Fructose catabolism in Xanthomonas campestris pv. campestris. Sequence of the PTS operon, characterization of the fructose-specific enzymes.

In Xanthomonas campestris pv. campestris, fructose is transported and phosphorylated into fructose 1-phosphate through a phosphoenolpyruvate-dependent phosphotransferase system. The nucleotide sequence of the fruA gene encoding the phosphotransferase system permease specific of fructose (EIIFru) was determined. The fructose 1-phosphate produced by the phosphotransferase system is phosphorylated into fructose 1,6-bisphosphate by a 1-phosphofructokinase. This enzyme was characterized and the corresponding gene (fruK) was sequenced.
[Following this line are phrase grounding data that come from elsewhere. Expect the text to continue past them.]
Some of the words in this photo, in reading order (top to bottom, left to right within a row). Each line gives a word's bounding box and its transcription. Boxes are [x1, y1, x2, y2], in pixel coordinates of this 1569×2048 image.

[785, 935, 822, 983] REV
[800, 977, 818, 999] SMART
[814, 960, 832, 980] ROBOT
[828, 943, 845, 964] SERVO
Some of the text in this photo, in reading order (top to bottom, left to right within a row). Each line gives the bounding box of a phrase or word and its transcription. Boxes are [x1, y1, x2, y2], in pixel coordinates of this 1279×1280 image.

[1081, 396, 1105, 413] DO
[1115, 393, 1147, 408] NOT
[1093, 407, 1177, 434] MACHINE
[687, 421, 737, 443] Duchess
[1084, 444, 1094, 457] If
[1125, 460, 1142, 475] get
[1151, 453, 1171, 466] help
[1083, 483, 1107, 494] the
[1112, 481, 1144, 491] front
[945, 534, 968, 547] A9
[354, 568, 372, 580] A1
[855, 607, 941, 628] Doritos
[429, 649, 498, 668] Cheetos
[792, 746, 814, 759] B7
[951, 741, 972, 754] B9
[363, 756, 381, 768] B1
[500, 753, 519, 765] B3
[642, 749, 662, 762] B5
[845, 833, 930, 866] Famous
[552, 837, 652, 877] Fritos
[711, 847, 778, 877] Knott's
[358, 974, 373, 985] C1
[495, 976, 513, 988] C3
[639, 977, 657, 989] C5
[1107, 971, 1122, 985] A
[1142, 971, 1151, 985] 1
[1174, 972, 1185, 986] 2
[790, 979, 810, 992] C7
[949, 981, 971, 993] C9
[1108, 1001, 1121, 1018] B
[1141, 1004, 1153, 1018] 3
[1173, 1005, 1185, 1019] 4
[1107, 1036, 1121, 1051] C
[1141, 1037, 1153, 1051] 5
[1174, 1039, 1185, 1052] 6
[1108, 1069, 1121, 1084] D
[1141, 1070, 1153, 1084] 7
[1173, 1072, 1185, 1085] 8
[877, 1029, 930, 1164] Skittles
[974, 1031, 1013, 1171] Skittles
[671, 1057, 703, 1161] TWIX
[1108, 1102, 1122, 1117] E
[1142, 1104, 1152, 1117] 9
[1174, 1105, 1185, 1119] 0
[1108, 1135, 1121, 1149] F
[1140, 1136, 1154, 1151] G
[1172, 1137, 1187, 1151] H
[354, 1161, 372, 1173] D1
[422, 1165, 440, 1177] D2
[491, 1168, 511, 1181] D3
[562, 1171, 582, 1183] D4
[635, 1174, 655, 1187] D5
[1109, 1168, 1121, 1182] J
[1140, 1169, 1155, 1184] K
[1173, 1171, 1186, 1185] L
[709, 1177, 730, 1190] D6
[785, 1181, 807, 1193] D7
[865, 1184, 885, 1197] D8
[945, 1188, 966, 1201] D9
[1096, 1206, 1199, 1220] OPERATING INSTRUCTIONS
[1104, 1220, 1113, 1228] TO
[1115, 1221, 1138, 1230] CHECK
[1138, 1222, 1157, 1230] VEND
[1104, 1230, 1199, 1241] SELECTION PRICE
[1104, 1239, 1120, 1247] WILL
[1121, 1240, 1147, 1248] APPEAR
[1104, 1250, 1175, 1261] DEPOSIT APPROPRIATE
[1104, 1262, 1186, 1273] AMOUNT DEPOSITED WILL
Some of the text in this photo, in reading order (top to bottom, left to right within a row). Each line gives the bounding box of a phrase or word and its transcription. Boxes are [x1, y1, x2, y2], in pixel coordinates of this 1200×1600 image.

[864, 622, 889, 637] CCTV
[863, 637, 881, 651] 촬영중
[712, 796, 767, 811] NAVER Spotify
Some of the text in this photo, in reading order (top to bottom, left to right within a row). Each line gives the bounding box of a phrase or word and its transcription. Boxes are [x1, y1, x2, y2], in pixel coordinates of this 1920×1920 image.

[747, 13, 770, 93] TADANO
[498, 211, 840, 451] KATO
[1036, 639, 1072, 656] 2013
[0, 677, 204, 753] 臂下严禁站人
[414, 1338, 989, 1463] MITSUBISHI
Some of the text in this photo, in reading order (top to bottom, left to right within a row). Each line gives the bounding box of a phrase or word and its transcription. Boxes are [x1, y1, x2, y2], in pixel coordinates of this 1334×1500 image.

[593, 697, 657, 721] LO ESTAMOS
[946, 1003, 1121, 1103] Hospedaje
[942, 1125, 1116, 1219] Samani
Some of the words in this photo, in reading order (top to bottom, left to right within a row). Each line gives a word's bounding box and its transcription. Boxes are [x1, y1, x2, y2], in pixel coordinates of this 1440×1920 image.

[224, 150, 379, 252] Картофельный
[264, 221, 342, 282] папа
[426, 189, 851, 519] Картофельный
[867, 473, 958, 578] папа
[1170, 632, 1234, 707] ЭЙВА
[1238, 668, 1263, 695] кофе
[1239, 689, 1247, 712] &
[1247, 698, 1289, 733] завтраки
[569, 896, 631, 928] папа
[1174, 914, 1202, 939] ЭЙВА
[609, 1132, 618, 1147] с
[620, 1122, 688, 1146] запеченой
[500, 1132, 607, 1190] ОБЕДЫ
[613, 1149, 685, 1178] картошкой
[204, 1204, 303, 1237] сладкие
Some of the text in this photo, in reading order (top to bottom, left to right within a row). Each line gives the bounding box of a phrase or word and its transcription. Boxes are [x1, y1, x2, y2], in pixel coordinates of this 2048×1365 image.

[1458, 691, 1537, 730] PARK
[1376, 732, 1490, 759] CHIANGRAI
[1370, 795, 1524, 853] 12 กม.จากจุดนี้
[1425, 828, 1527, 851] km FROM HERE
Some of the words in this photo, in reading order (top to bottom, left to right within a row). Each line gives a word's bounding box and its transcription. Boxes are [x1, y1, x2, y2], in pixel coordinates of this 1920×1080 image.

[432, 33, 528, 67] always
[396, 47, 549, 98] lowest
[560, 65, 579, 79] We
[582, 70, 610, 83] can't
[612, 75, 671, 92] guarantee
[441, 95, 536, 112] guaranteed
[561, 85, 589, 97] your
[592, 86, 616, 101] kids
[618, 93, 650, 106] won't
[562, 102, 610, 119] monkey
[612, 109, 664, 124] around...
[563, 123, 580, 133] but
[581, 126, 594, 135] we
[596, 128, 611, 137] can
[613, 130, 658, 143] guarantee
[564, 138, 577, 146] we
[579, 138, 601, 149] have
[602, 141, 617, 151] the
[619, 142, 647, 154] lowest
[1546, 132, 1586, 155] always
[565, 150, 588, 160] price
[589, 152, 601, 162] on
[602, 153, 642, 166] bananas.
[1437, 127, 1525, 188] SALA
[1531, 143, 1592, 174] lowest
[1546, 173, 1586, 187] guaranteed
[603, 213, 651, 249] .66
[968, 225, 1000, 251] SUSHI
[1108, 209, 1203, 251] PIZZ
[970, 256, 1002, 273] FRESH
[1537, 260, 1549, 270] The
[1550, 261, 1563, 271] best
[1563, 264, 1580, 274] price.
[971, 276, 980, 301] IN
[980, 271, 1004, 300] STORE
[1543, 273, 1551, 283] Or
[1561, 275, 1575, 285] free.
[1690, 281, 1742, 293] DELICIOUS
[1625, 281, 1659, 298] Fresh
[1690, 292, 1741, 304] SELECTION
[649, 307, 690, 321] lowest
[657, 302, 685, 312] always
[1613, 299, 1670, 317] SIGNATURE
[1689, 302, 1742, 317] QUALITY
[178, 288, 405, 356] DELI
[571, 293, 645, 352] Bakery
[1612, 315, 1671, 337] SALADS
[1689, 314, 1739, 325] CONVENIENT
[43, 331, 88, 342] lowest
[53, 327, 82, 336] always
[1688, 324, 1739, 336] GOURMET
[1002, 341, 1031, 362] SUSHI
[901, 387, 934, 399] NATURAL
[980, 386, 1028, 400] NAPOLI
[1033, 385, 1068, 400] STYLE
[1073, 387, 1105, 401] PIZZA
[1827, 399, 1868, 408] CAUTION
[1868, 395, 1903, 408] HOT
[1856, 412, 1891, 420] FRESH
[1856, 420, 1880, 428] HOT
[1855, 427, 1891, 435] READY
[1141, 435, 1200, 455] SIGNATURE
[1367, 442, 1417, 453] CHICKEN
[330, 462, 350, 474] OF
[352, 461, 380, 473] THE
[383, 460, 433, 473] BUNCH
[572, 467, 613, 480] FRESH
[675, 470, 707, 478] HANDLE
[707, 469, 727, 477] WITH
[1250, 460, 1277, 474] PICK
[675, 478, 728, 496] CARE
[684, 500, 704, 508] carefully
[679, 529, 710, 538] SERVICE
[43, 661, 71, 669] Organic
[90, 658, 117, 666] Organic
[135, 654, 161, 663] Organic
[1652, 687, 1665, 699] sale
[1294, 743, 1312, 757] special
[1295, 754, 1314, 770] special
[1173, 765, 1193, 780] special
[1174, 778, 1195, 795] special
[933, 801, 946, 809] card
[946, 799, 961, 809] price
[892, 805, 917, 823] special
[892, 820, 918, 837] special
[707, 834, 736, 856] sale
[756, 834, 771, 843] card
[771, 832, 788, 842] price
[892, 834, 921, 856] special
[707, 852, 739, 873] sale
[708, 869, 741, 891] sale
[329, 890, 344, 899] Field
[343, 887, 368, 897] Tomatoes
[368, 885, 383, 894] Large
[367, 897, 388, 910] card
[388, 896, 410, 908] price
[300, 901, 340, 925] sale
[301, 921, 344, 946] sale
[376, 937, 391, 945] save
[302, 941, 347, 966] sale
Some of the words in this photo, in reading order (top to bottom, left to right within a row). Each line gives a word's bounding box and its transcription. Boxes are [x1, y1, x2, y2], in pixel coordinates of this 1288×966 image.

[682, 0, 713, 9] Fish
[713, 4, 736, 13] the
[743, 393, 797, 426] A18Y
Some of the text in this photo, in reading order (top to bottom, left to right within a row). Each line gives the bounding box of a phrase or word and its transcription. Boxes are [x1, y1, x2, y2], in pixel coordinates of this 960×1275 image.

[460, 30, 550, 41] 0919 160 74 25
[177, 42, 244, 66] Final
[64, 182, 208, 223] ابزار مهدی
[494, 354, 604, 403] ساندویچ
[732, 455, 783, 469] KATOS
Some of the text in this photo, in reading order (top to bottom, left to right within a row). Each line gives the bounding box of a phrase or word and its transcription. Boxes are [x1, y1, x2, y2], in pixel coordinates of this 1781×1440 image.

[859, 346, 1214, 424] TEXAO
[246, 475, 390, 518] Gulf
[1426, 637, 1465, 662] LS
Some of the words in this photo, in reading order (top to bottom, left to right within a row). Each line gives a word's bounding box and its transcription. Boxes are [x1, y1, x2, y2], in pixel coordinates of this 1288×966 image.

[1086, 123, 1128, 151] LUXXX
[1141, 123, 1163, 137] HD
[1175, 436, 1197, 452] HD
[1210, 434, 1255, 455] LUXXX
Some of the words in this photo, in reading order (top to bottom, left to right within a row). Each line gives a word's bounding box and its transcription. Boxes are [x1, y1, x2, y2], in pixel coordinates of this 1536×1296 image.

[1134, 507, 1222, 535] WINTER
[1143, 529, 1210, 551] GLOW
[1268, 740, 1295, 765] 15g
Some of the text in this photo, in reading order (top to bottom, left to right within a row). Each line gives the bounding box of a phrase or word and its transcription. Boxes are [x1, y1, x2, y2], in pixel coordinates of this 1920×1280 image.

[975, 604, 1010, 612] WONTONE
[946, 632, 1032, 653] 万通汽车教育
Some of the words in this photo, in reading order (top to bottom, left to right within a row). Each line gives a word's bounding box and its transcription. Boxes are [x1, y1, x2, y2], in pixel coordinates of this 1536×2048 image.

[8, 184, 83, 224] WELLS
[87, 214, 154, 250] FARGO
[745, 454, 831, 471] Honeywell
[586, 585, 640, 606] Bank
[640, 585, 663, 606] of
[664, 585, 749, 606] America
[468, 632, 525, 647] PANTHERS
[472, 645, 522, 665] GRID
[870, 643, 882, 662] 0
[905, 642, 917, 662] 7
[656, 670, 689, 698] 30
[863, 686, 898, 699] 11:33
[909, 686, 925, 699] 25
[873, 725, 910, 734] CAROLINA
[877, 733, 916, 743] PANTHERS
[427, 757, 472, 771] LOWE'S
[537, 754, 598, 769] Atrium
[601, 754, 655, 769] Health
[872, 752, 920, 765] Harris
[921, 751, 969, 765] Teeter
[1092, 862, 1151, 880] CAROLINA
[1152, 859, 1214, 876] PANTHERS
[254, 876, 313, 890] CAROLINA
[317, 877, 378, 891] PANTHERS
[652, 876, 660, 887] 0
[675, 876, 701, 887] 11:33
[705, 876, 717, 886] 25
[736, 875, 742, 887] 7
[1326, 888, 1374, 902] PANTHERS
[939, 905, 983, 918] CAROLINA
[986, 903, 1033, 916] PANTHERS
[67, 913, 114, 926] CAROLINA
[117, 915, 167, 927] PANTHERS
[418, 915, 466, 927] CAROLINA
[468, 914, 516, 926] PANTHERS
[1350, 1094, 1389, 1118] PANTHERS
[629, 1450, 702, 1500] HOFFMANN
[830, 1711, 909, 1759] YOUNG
Sequence comparisons revealed that FruK is a member of a new family of ATP-binding proteins composed of sugar (or sugar-phosphate) kinases. In phosphotransferase system-deficient strains, fructose can still be transported by an unidentified permease. The intracellular fructose is then phosphorylated by a multimeric fructokinase of 135 kDa specific for fructose and inhibited by fructose, fructose 1,6-bisphosphate, and mannose. Several other enzymes of fructose metabolism were assayed and a potential pathway for fructose catabolism is presented.